William Weeks, a professor of psychiatry at Dartmouth's Geisel School of Medicine, said that the researchers had done a good job of trying to control for other factors that might influence the outcome. He noted that one caveat is that hospital care is usually done by a team. That fact was underscored by the method the researchers used to identify the doctor who led the care for patients in the study. To identify the gender of the physician, they looked for the doctor responsible for the biggest chunk of billing for hospital services — which was, on average, about half. That means that almost half of the care was provided by others.
He said the finding deserves further investigation, but in the short term, the study underscores the idea that female doctors should be paid equally — particularly as there is a push toward payment systems that reward the value of the care and not the number of tests and procedures that patients receive.

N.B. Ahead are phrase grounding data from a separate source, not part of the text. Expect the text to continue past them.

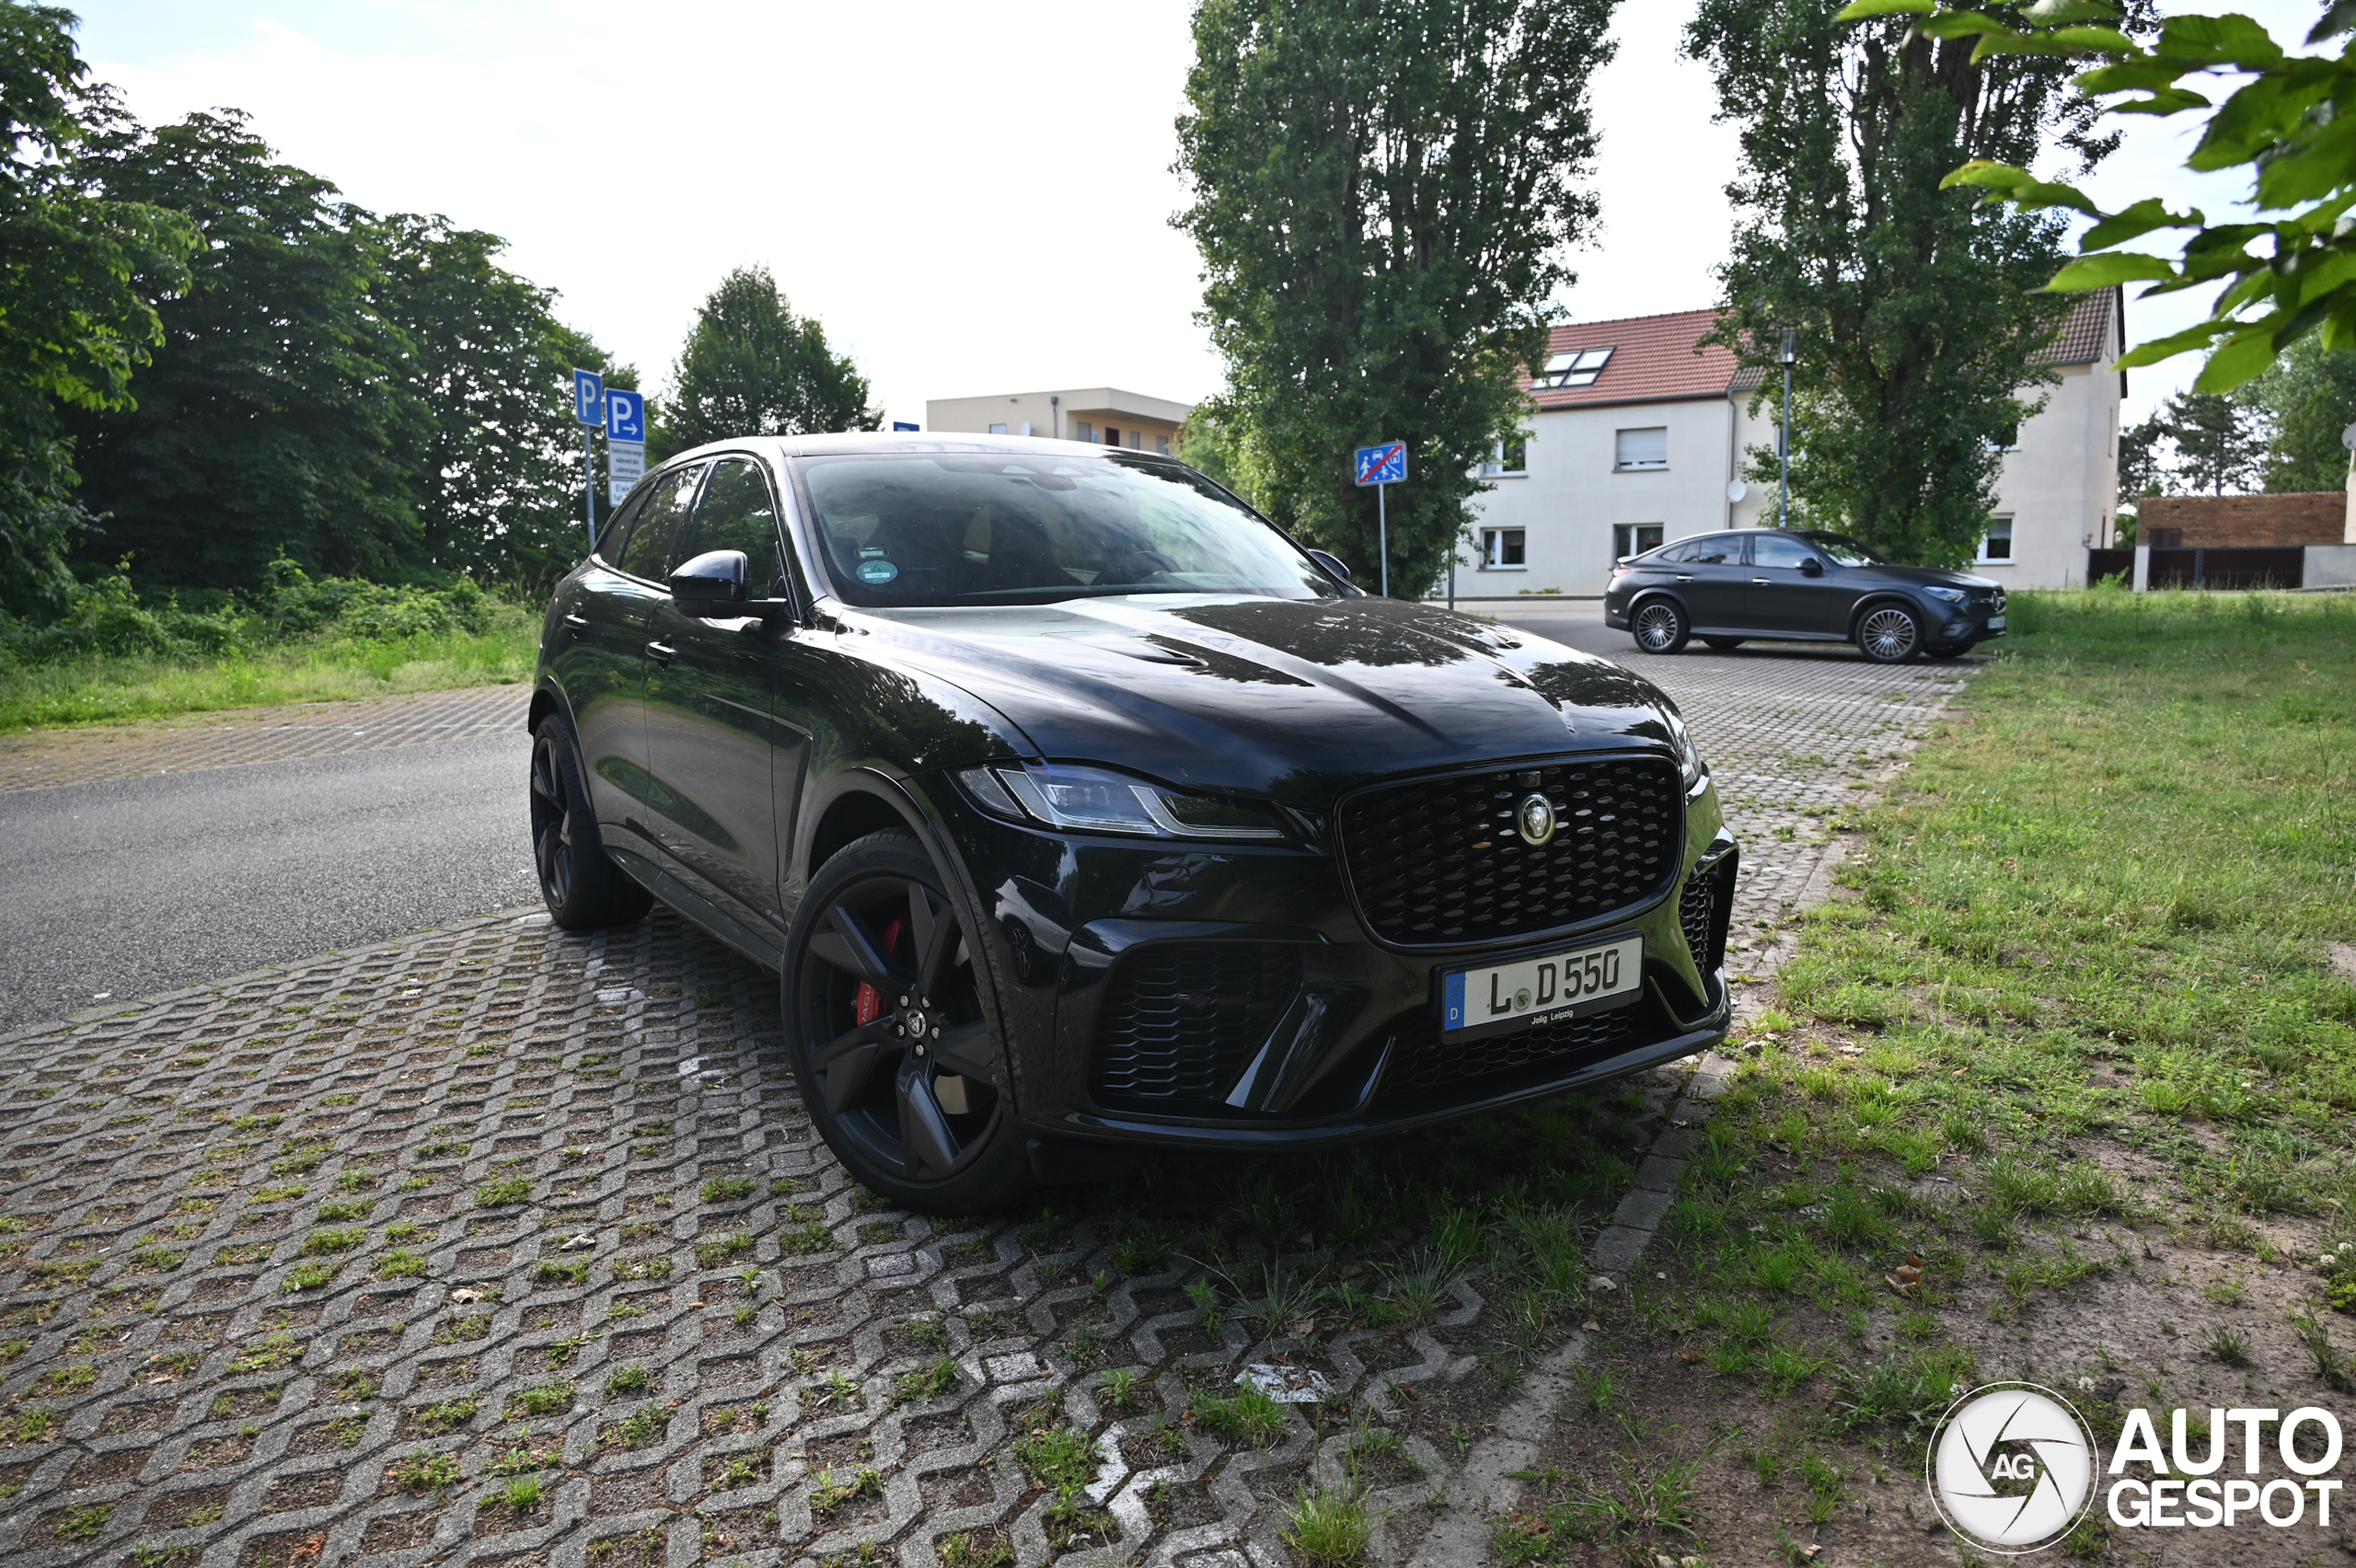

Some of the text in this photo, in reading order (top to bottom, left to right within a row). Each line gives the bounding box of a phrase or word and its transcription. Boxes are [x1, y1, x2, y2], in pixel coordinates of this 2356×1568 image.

[581, 377, 596, 417] P
[611, 396, 633, 433] P
[616, 484, 629, 492] Elek
[872, 563, 882, 572] 4
[1490, 948, 1620, 1015] L D 550
[861, 984, 872, 1023] JAGU
[1449, 1008, 1459, 1020] D
[1530, 1009, 1574, 1025] Jolig Leipzig

To Judith Hall, a professor of psychology at Northeastern University, who has long studied the communication skills and attitudes of doctors of both genders, the research adds a crucial piece of evidence. Female doctors, she said, tend to be more patient-centered, talk about and factor in psychological and emotional factors, and are better judges of nonverbal cues. She does not think communication style alone is likely to account for differences in clinical outcomes, but she does not think it should be discounted.
Two decades ago, Hall gave a talk to a group that turned out to be predominantly male doctors and said all of the evidence suggested that women are better doctors. It did not go over well, she said.
“It takes a huge study like this to convince anybody, because it’s a very highly charged topic,” Hall said. “Women are the newcomers to this field.”